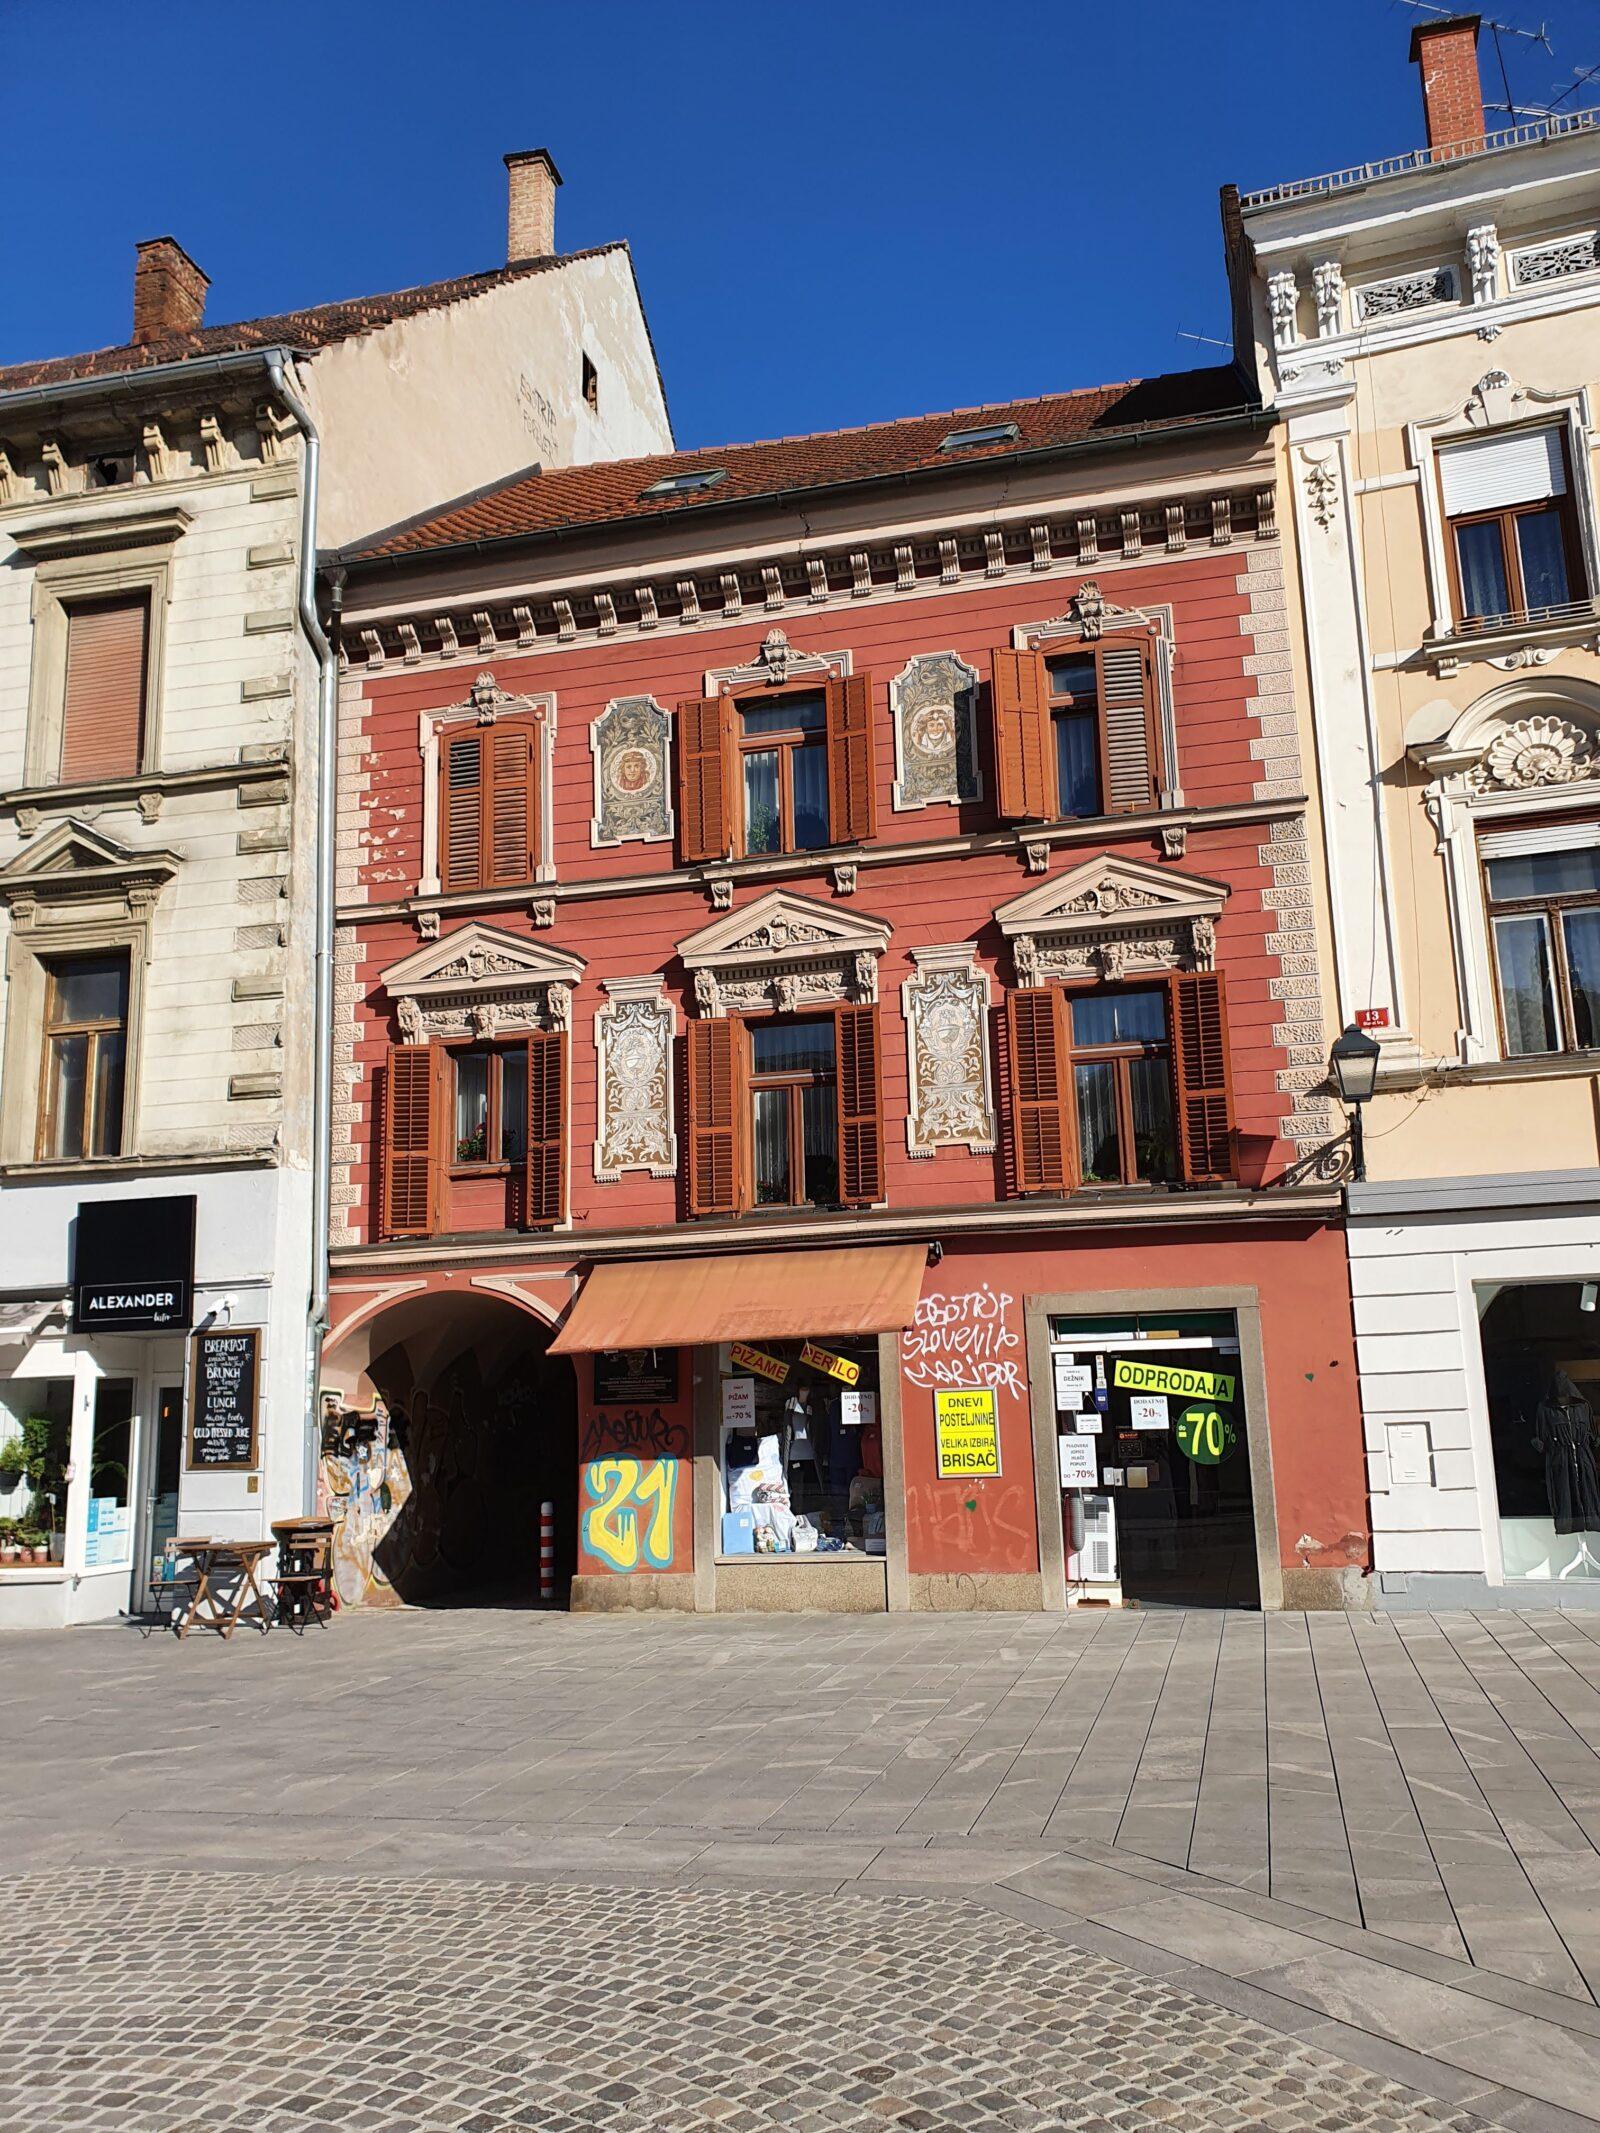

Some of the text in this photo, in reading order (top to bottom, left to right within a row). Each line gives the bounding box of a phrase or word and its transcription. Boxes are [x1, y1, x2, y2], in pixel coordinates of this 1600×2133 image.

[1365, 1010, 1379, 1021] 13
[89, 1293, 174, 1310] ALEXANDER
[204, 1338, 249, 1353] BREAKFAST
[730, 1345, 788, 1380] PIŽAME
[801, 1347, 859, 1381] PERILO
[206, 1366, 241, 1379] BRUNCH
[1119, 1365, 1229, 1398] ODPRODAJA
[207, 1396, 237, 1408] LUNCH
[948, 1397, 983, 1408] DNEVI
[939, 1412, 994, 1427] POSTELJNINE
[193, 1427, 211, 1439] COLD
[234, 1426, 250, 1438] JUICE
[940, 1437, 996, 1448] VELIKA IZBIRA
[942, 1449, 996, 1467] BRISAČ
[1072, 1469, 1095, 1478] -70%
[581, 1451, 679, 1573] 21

□ □ □ □ □ □ □

▸ **Task to complete**: Return the listing above in full and without alteration, excluding its pictures.

▸ **Response for this exercise**:
Some of the text in this photo, in reading order (top to bottom, left to right within a row). Each line gives the bounding box of a phrase or word and its transcription. Boxes are [x1, y1, x2, y2], in pixel coordinates of this 1600×2133 image.

[1365, 1010, 1379, 1021] 13
[89, 1293, 174, 1310] ALEXANDER
[204, 1338, 249, 1353] BREAKFAST
[730, 1345, 788, 1380] PIŽAME
[801, 1347, 859, 1381] PERILO
[206, 1366, 241, 1379] BRUNCH
[1119, 1365, 1229, 1398] ODPRODAJA
[207, 1396, 237, 1408] LUNCH
[948, 1397, 983, 1408] DNEVI
[939, 1412, 994, 1427] POSTELJNINE
[193, 1427, 211, 1439] COLD
[234, 1426, 250, 1438] JUICE
[940, 1437, 996, 1448] VELIKA IZBIRA
[942, 1449, 996, 1467] BRISAČ
[1072, 1469, 1095, 1478] -70%
[581, 1451, 679, 1573] 21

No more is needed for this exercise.